● EXERCISE PROMPT:
For every entry, reproduce the wording exactly and omit any image it holds.

....

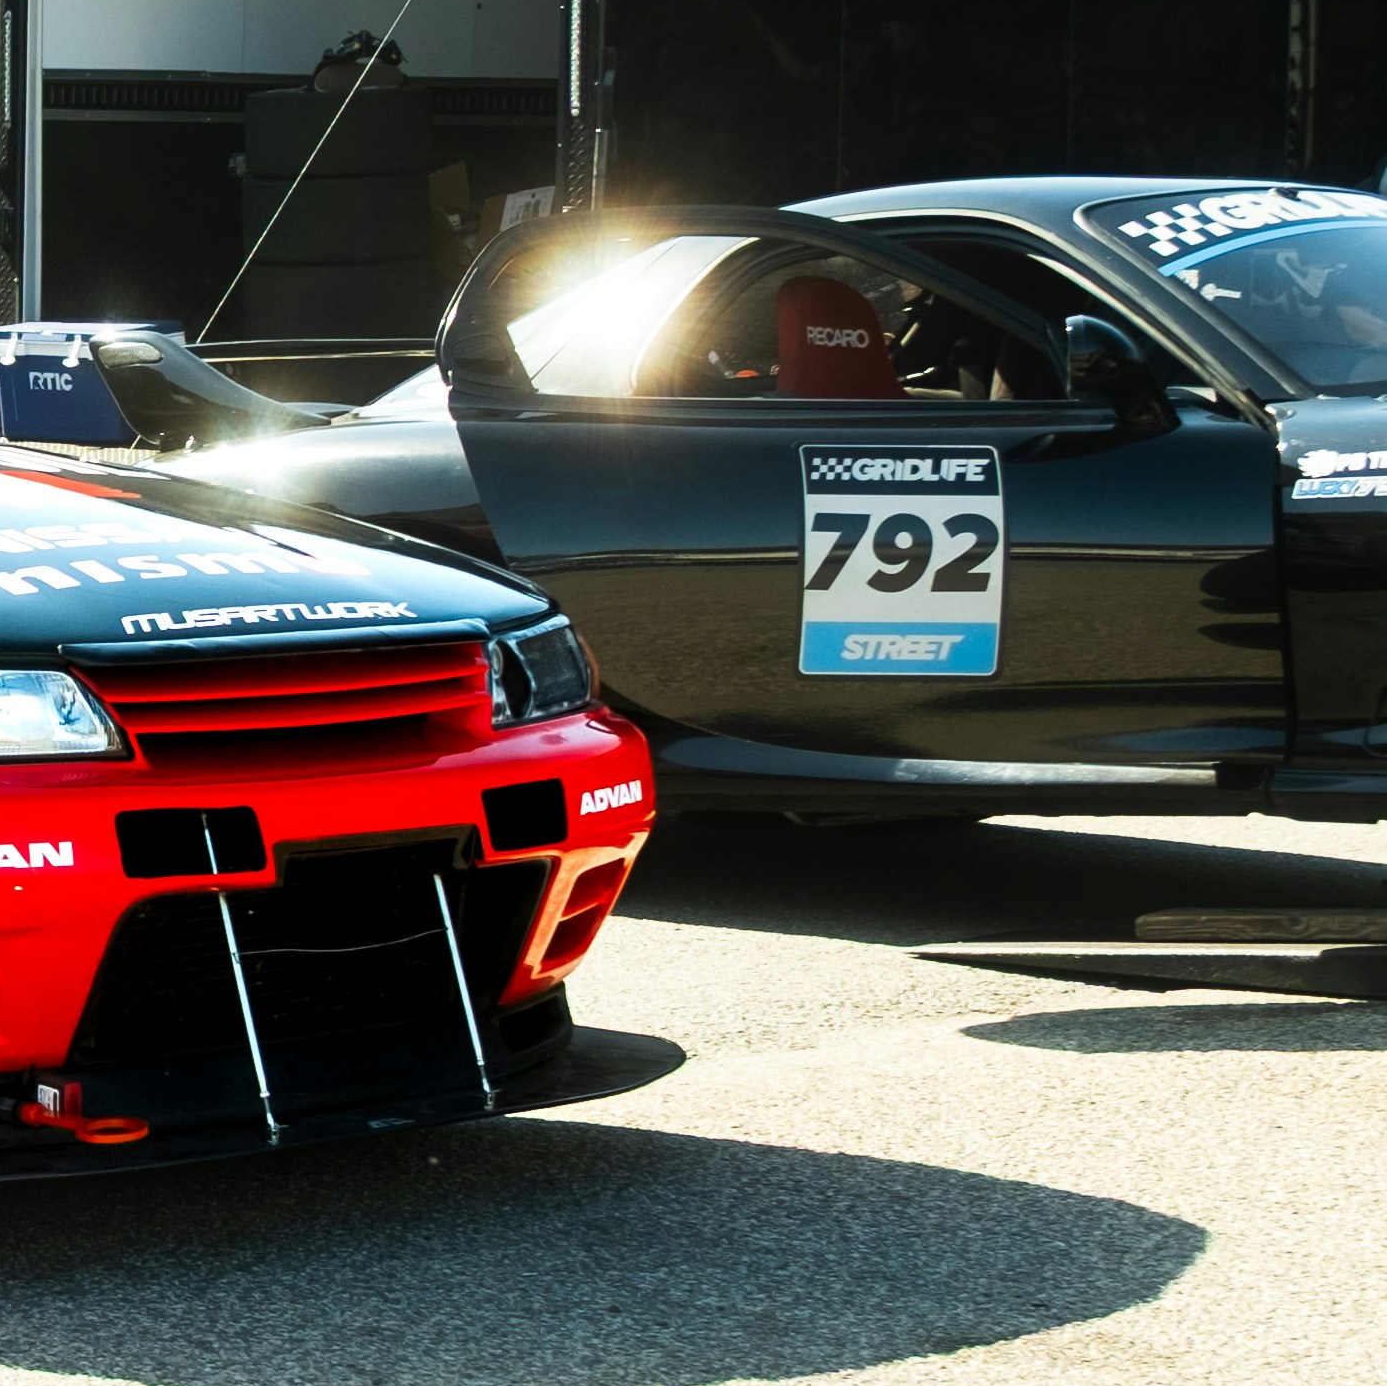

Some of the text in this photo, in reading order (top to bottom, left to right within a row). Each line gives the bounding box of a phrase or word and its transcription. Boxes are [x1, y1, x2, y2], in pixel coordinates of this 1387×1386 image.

[805, 325, 870, 351] RECARO
[28, 371, 74, 392] RTIC
[851, 457, 991, 482] GRIDLIFE
[804, 512, 1000, 593] 792
[840, 633, 965, 661] STREET
[580, 779, 643, 817] ADVAN

....

● RESPONSE:
Some of the text in this photo, in reading order (top to bottom, left to right within a row). Each line gives the bounding box of a phrase or word and its transcription. Boxes are [x1, y1, x2, y2], in pixel coordinates of this 1387×1386 image.

[805, 325, 870, 351] RECARO
[28, 371, 74, 392] RTIC
[851, 457, 991, 482] GRIDLIFE
[804, 512, 1000, 593] 792
[840, 633, 965, 661] STREET
[580, 779, 643, 817] ADVAN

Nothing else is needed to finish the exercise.